The weekend of the 28th & 29th we packed all of our stuff (throwing away a large proportion, including at least half of our furniture, which was either mold damaged or rickety to begin with), cleaned out the place, left the keys on the counter, and parked the U-Haul in the U-Haul parking lot until we knew where we were going to take it, which wasn’t until two days later when our application finally cleared at the Denver place. Sam felt nervous about signing, having not actually seen any other apartments, and I also felt uncertain about it, because I didn’t want it to turn out to be a huge disaster under my leadership. But I recalled this message that I’d received from Lynn Woodland’s online oracle:
Sit quietly with your eyes closed and imagine yourself walking up to the edge of an impossibly high cliff. As you look down from the edge you can’t see the bottom, only a swirling, beautiful light. The air is charged with excitement and promise. The view inspires a sense of wonder. Stand here for a moment and declare your willingness to invite the miraculous into your life…. Now, leap off the cliff. Instead of dropping, you are carried gently on currents of air and light.
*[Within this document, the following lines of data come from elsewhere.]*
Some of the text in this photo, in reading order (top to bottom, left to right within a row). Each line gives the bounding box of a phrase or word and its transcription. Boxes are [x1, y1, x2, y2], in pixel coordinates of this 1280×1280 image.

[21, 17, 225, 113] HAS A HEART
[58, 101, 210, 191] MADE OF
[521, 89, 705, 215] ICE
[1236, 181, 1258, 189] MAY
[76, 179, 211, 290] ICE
Let your imagination float freely and see where the stream of light carries you.
I actually did the visualization in my mind, and I felt the “currents of air and light” lifting me up. I recalled how I’d posted on Facebook the gist of our situation, and asked for prayers and light — and what an outpouring I received!!! So many friends sent messages of support, and many others silently prayed for us. I felt literally lifted up by all of this energy, very strong, coming from other people, my circle of support. I also had in my car one of the affirming post-it-note messages I’d made for the goddess retreat: Angels surround you at all times. At the base of it, I had to acknowledge that the whole situation seemed to be Divinely guided, and all I had to do was (pack and clean and lift and cry and) go with the flow.
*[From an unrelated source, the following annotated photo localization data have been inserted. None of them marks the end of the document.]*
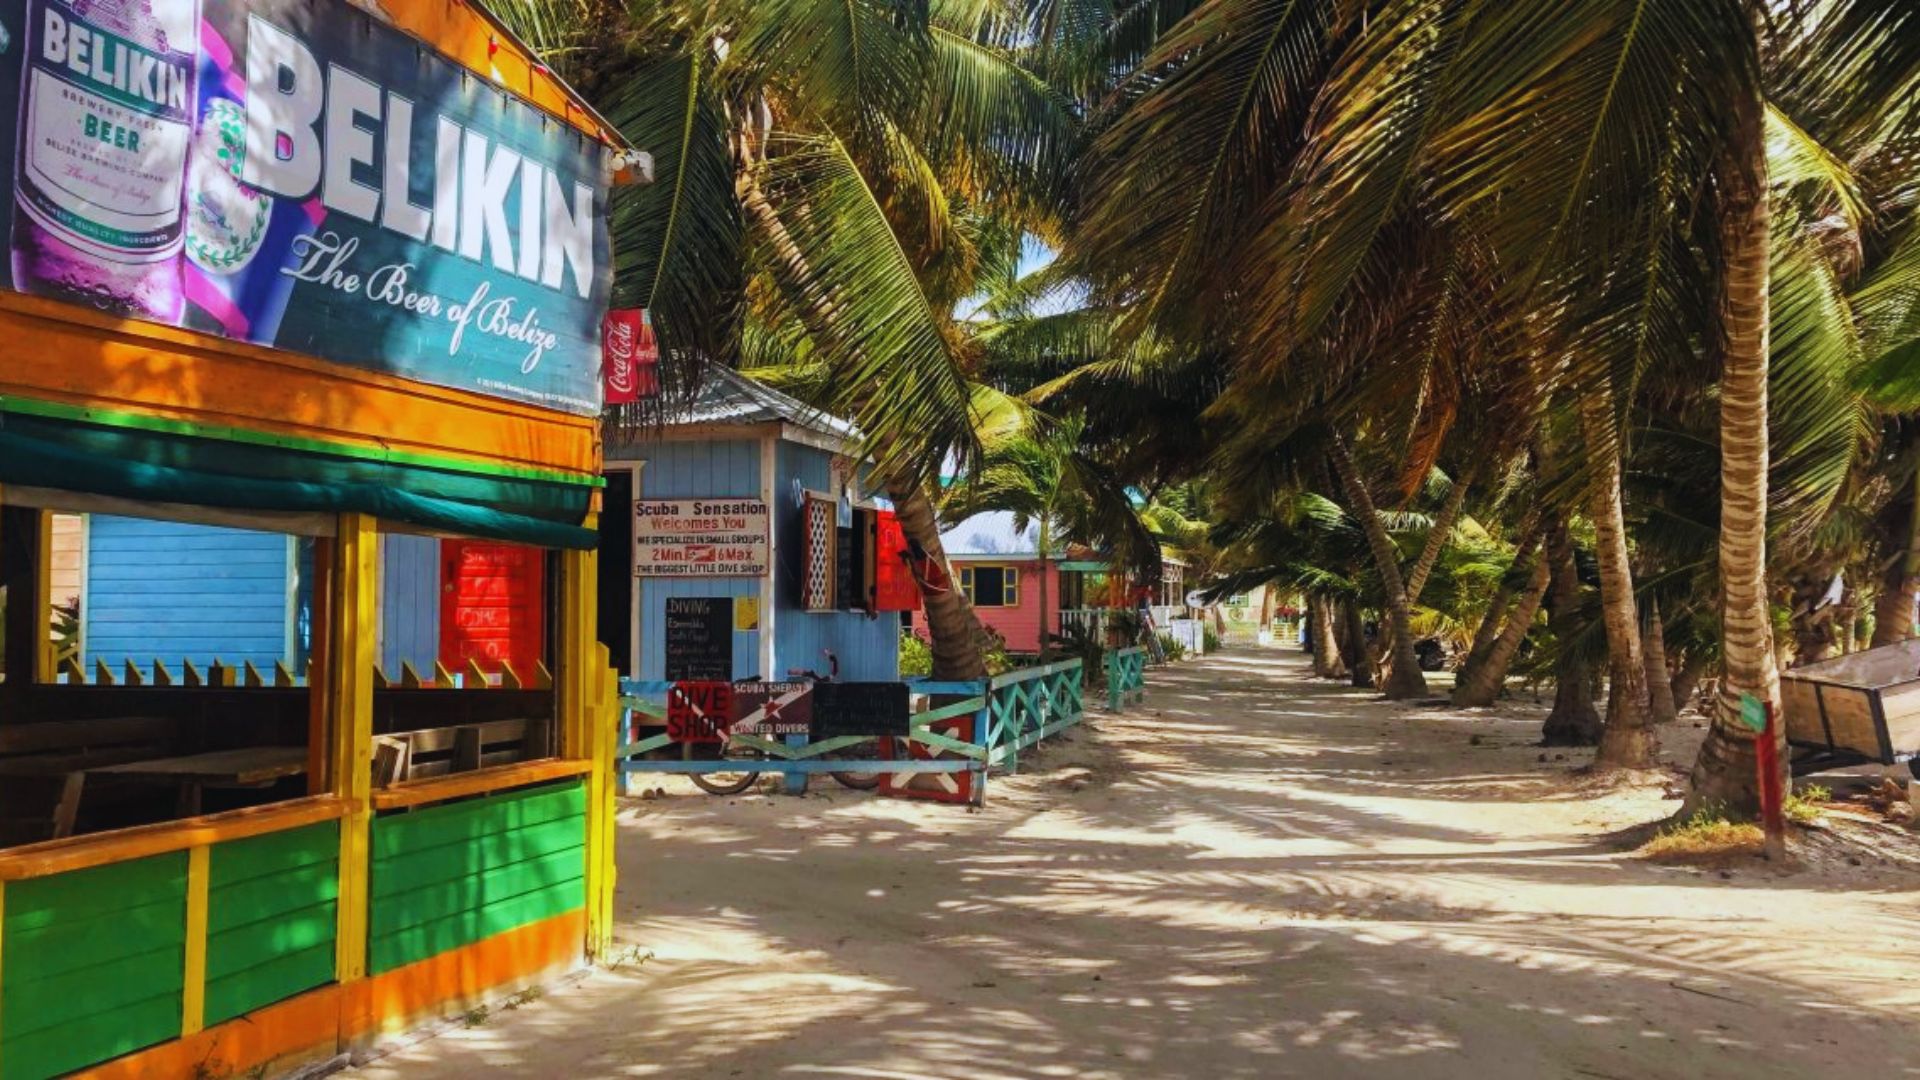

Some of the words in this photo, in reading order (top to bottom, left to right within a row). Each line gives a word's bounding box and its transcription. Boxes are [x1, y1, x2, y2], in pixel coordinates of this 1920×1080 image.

[43, 7, 186, 111] BELIKIN
[62, 88, 123, 119] BREWERY
[84, 112, 141, 154] BEER
[242, 12, 595, 299] BELIKIN
[280, 231, 360, 293] The
[366, 264, 442, 317] Beer
[447, 282, 491, 356] of
[477, 297, 557, 374] Belize
[636, 503, 679, 516] Scuba
[693, 502, 767, 515] Sensation
[651, 517, 719, 530] Welcomes
[722, 517, 746, 529] You
[696, 535, 705, 545] IN
[705, 535, 730, 545] SMALL
[731, 534, 765, 544] GROUPS
[652, 548, 660, 561] 2
[718, 548, 725, 561] 6
[637, 565, 653, 574] THE
[654, 564, 688, 574] BIGGEST
[690, 564, 716, 574] LITTLE
[718, 563, 738, 573] DIVE
[740, 564, 765, 574] SHOP
[734, 684, 765, 694] SCUBA
[671, 686, 726, 711] DIVE
[669, 713, 727, 738] SHOP
[776, 723, 810, 734] DIVERS
We signed the lease. We dumped out all of our stuff into the garage. We got new Goodwill living room furniture to replace our old Goodwill living room furniture. We designated purposes for all of our new rooms. We are slowly getting things unpacked, cleaned, and set up.
A friend asked if I miss Idaho Springs. I said that it all happened so quickly, it feels very surreal, but if I look inside I realize that no, I don’t miss it, and I’m not sad at all. The experience of living in the mountains for three years was unique and wonderful and amazing, and I am so incredibly glad we did it, but that chapter feels complete. Now it’s on to sunny southern Denver, a largely Spanish-speaking neighborhood, bright colors, flat roads, easy access, and a whole new life.